A menos de un mes de que los líderes europeos develaran un "paquete integral" que pretendía arreglar los problemas de la zona euro, su estrategia anti-crisis está flaqueando y podrían verse en la necesidad de replantearla radicalmente.

El creciente rechazo ciudadano del norte de Europa a los rescates financiados por los contribuyentes está generando temblores en el ámbito político y el consenso en los mercados es que Grecia tiene que reestructurar su deuda soberana de 327,000 millones de euros, pese al millonario rescate que recibió hace un año de la Unión Europea y el Fondo Monetario Internacional.

Esto ha hecho que la promesa de Europa de evitarle sufrimientos al sector privado hasta el 2013 se hace cada vez más insostenible.

Los defectos en la estrategia de la zona euro están quedando expuestos mientras se negocia lo que se espera sea un acuerdo de rescate de 80,000 millones de euros para Portugal, donde sus propios políticos han manifestado por meses que el modelo de rescate griego e irlandés es un fracaso.

Esto ocurre en un escenario de profunda recesión o de crecimiento débil en los países de la periferia de Europa, lo que refuerza las dudas sobre si estos países pueden lograr la recuperación necesaria como para reducir su deuda y captar inversionistas una vez que los fondos de rescate se acaben.

Mientras el resentimiento por los rescates aumenta en el norte, en el sur crece la oposición a más medidas de austeridad, lo que genera una peligrosa dinámica que según algunos economistas y expertos políticos podría obligar a Europa a realizar cambios en su estrategia dentro de unos meses.
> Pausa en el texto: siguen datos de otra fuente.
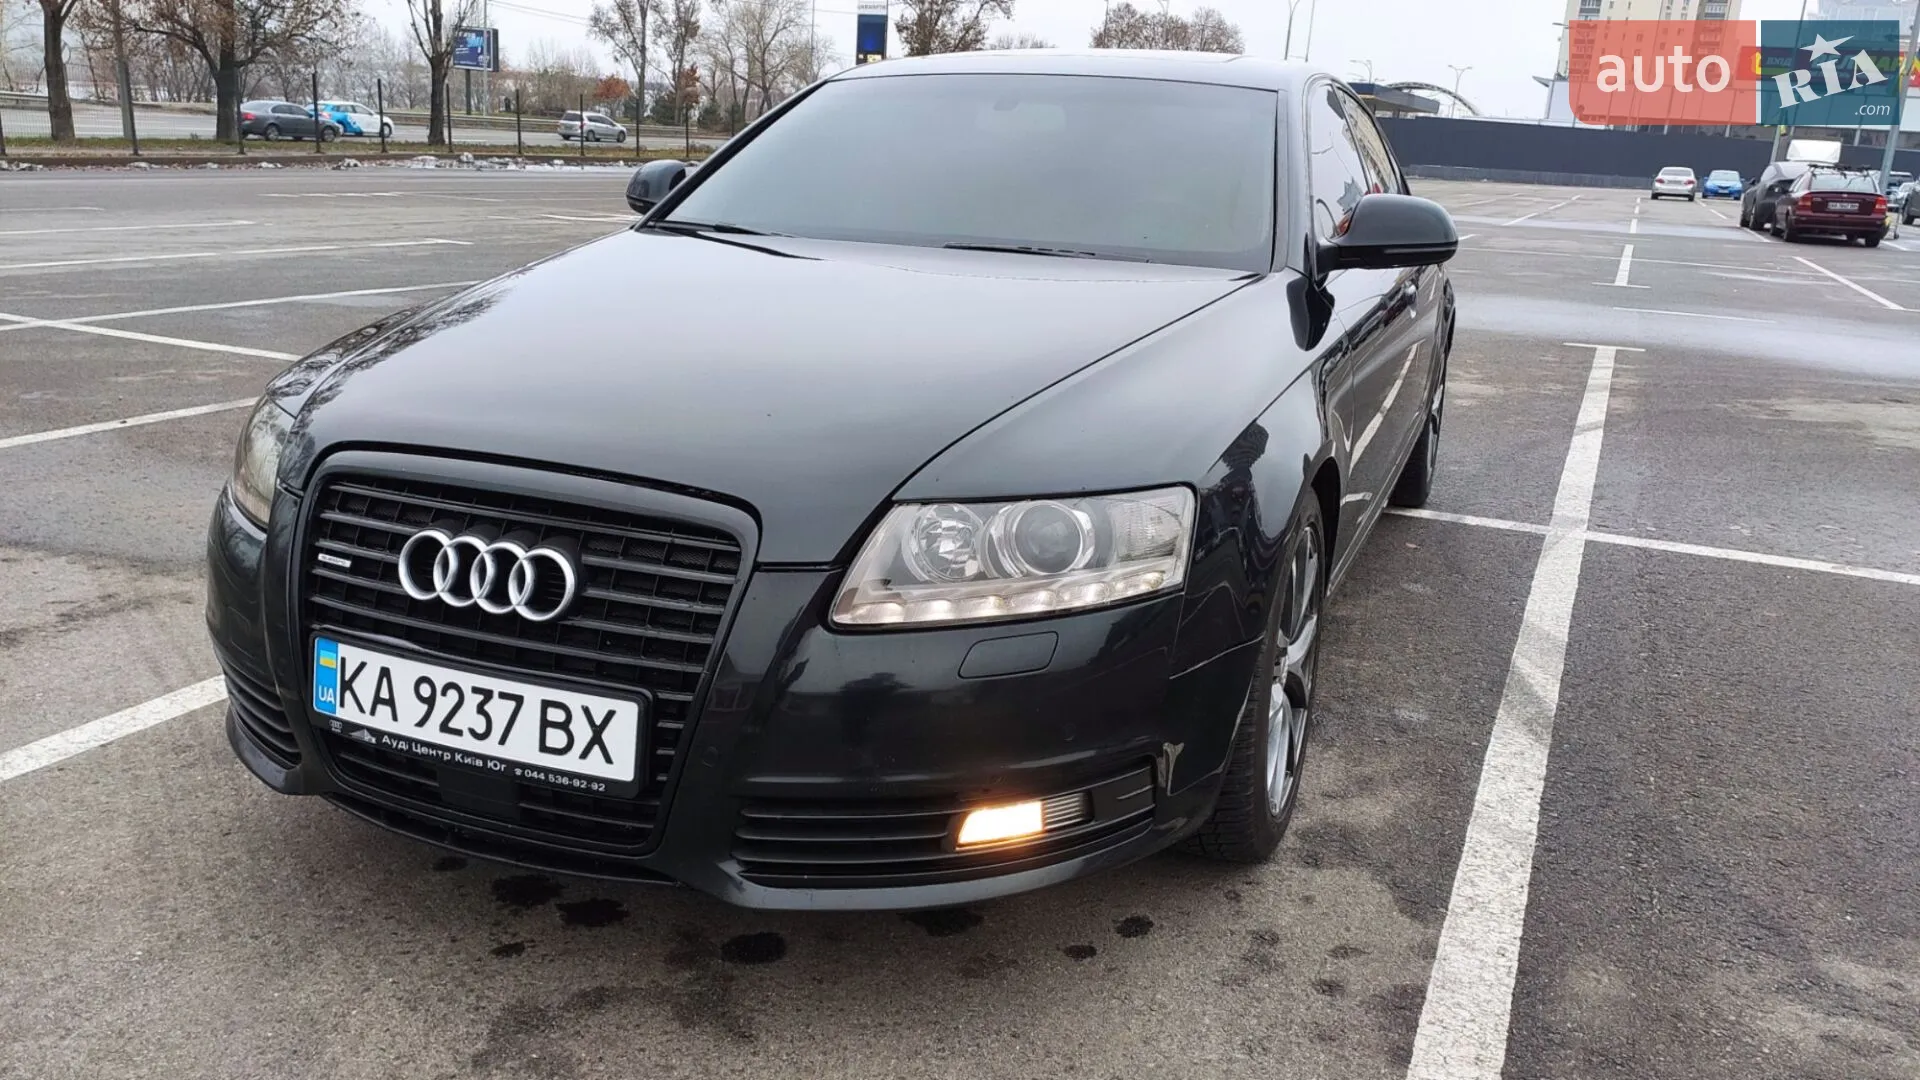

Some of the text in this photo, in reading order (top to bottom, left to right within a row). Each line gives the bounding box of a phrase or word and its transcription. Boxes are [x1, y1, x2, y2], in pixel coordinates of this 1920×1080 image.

"Estamos en una coyuntura donde la gravedad de los fundamentos económicos y la oposición pública a más rescates podrían llevar a los políticos en otra dirección", comentó Steen Jakobsen, economista jefe de Saxo Bank.

"En la medida que su estrategia sea creíble, seguirán por el mismo camino. Pero ahora parece que estamos cerca de un punto de quiebre. El camino actual ya no se ve tan creíble como antes", agregó.